Apresentação usada durante voto do ministro Alexandre de Moraes
Foto: Reprodução / TV Justiça / BBC / BBC News Brasil

Há também registros na agenda como a citação a um dossiê sobre "o mecanismo das fraudes" e "dia 30 out" — uma referência à data do segundo turno nas eleições de 2022. Os advogados do general vêm dizendo que as evidências do processo não conseguiram demonstrar a culpa e nem "a hipótese do protagonismo" de Heleno na trama.

Sobre as anotações encontradas na casa de Heleno, eles afirmaram que se tratavam de registros pessoais "nunca" compartilhados com ninguém.

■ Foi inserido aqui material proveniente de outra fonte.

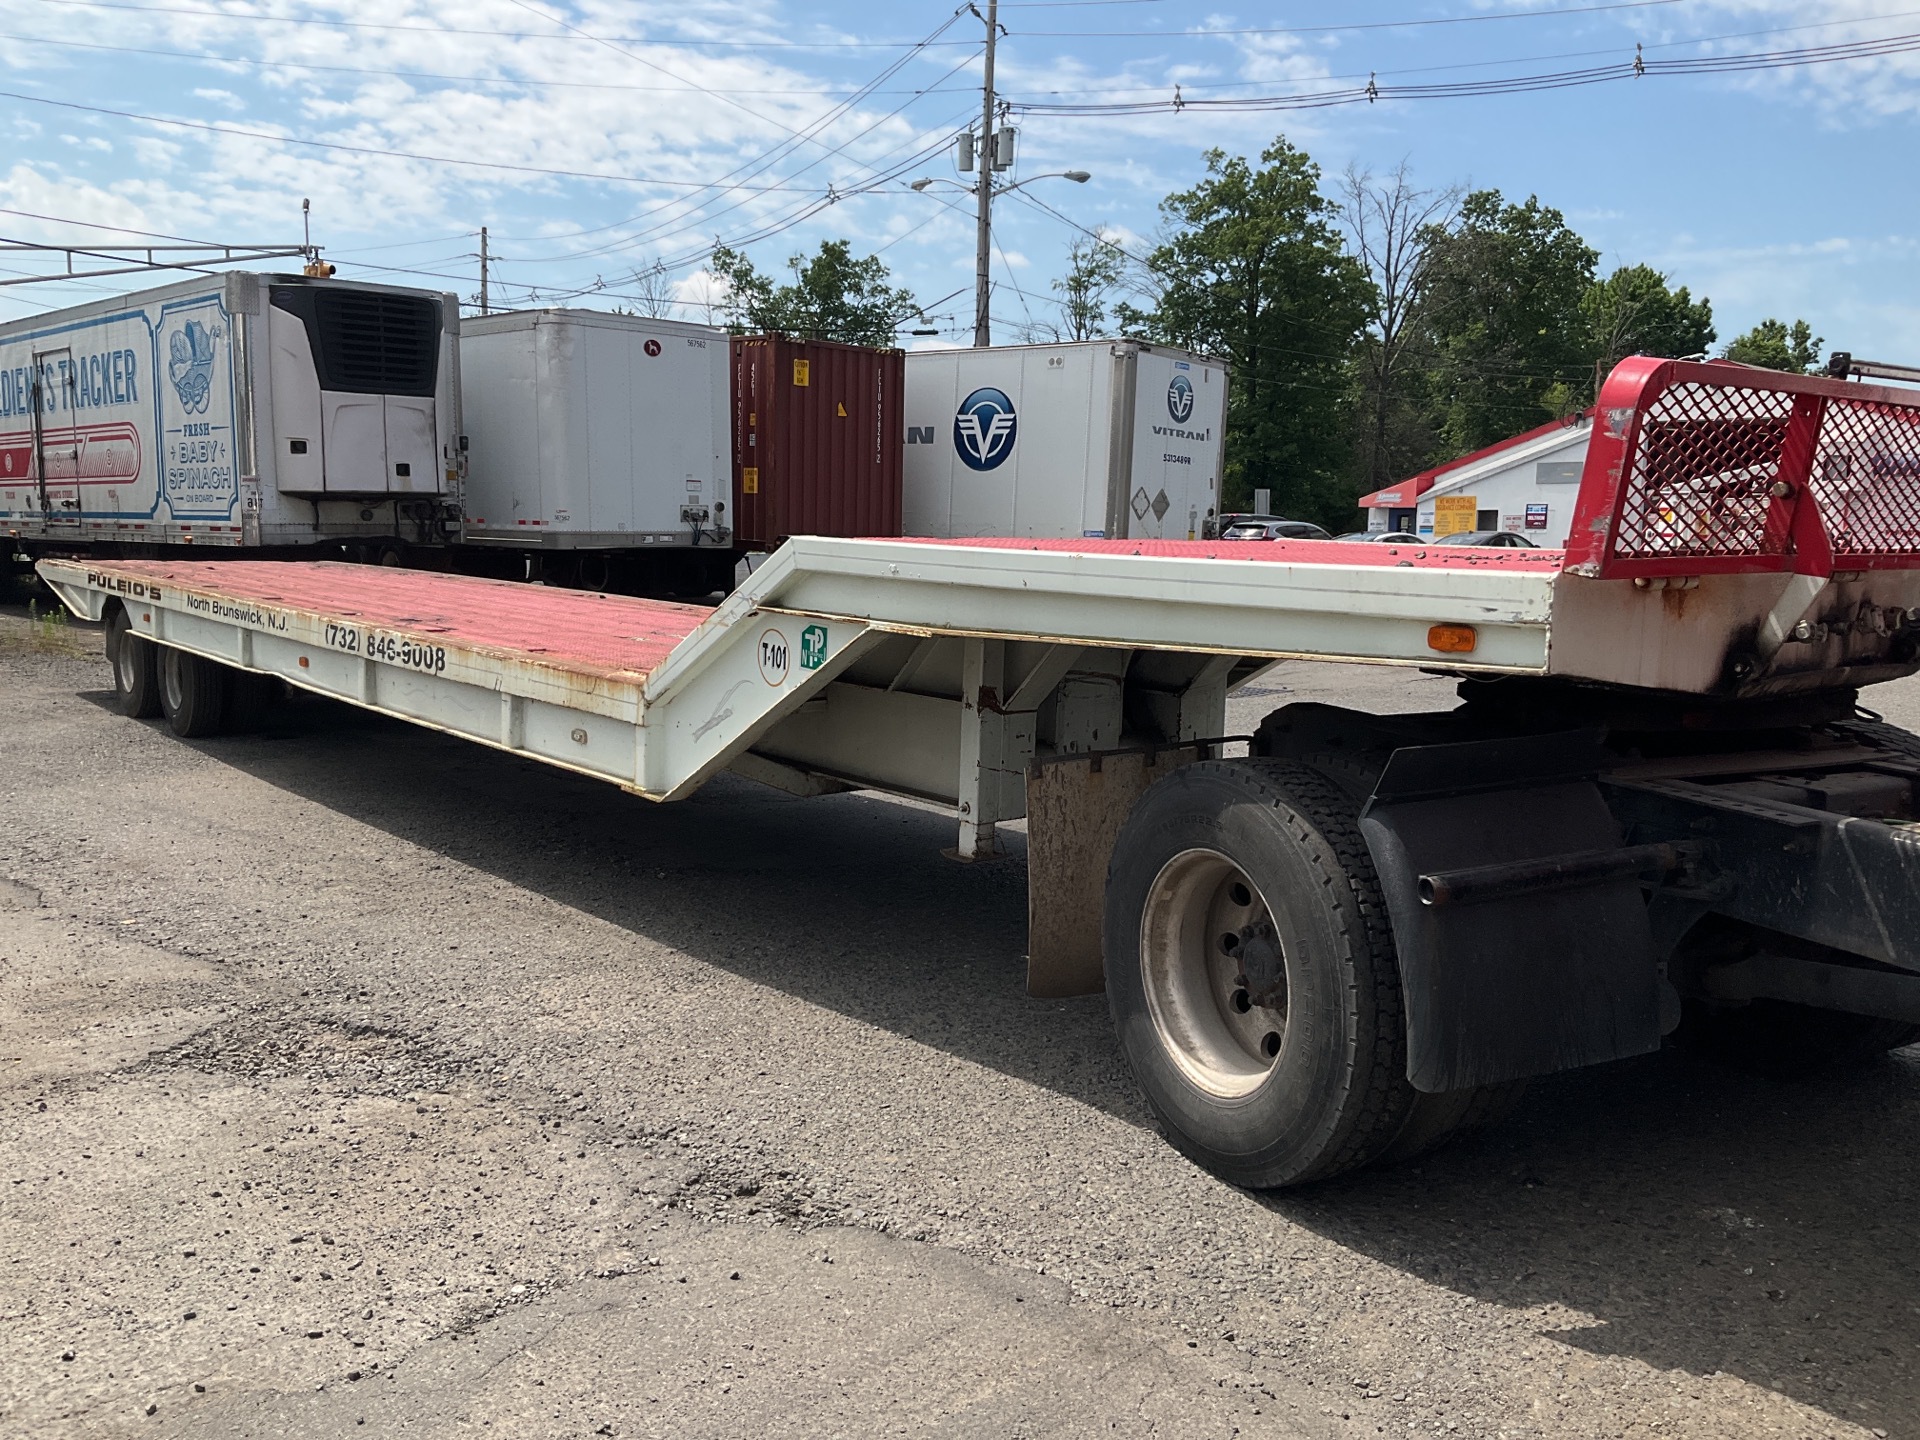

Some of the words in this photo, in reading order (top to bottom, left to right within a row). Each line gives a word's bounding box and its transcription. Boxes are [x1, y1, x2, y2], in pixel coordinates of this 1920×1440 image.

[58, 348, 138, 411] TRACKER
[183, 422, 210, 437] FRESH
[903, 426, 934, 444] N
[1152, 425, 1205, 441] VITRAN
[178, 440, 218, 464] BABY
[168, 466, 231, 490] SPINACH
[185, 494, 194, 503] ON
[195, 494, 214, 503] BOARD
[88, 573, 161, 600] PULEIO'S
[187, 595, 210, 612] North
[212, 601, 265, 629] Brunswick,
[268, 614, 289, 631] N.J.
[325, 623, 361, 652] (732)
[367, 634, 446, 671] 846-9008
[762, 642, 787, 670] T-101
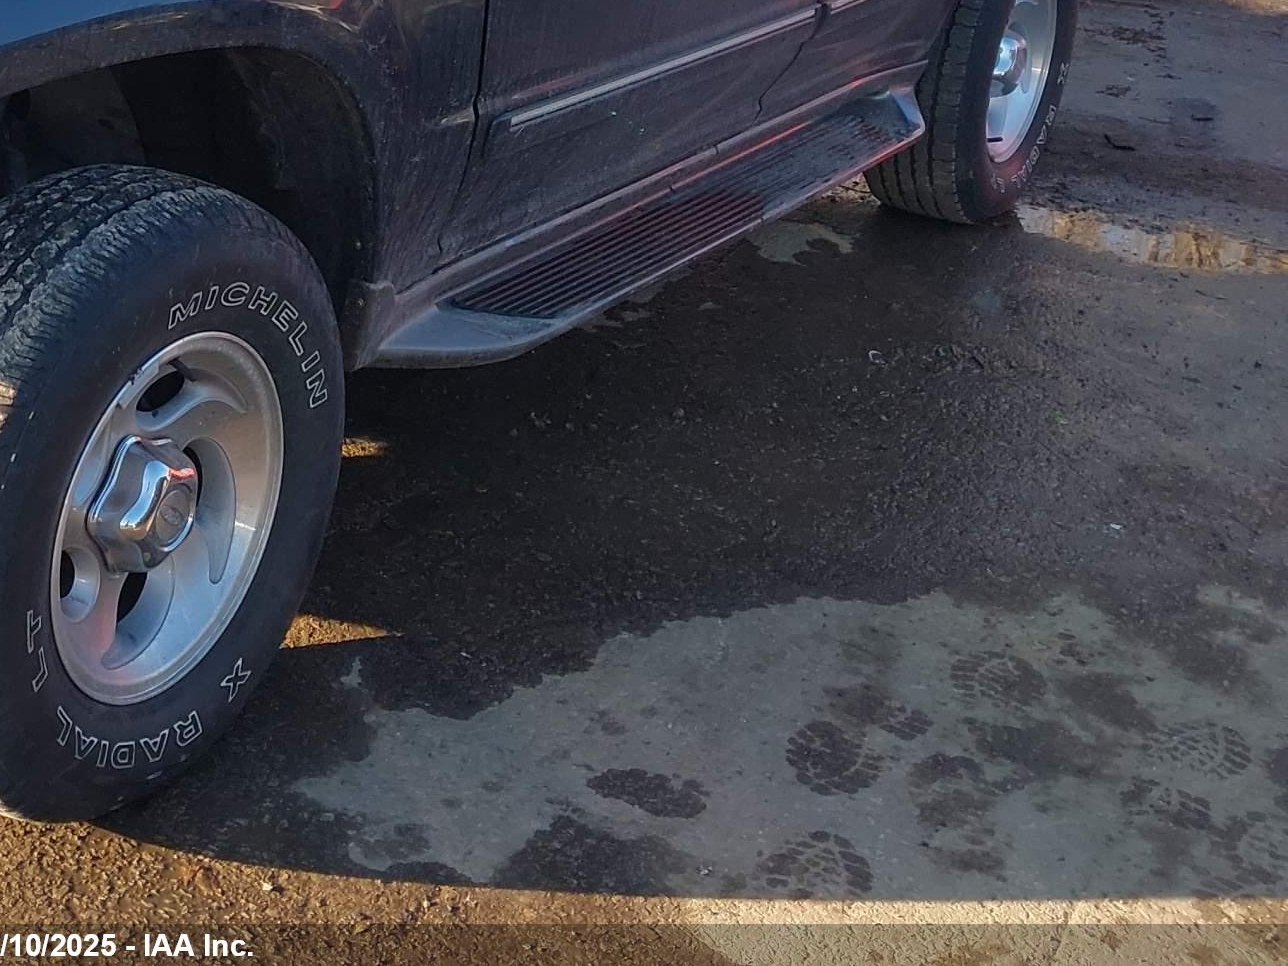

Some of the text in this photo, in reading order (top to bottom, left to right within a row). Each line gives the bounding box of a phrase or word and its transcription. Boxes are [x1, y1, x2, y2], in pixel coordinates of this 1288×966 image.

Além disso, a defesa critica a forma como a PF apresentou as páginas encontradas — acusando a polícia de montar uma narrativa a partir das páginas: "(...) a PF disponibiliza as referidas páginas da caderneta como numa suposta e inventiva evolução de um raciocínio linear, quando na verdade estão afastadas umas das outras e sobre situações e assuntos totalmente díspares! Sem conexão!"

Segundo Moraes, a agenda possuía várias anotações feitas pelo réu, "consistentes em diretrizes estratégicas, dentre as quais foram listadas ações a serem implementadas pela organização criminosa, inclusive sobre o estabelecimento de uma desinformação sobre urnas eletrônicas para descredibilizar o sistema eletrônico eleitoral brasileiro".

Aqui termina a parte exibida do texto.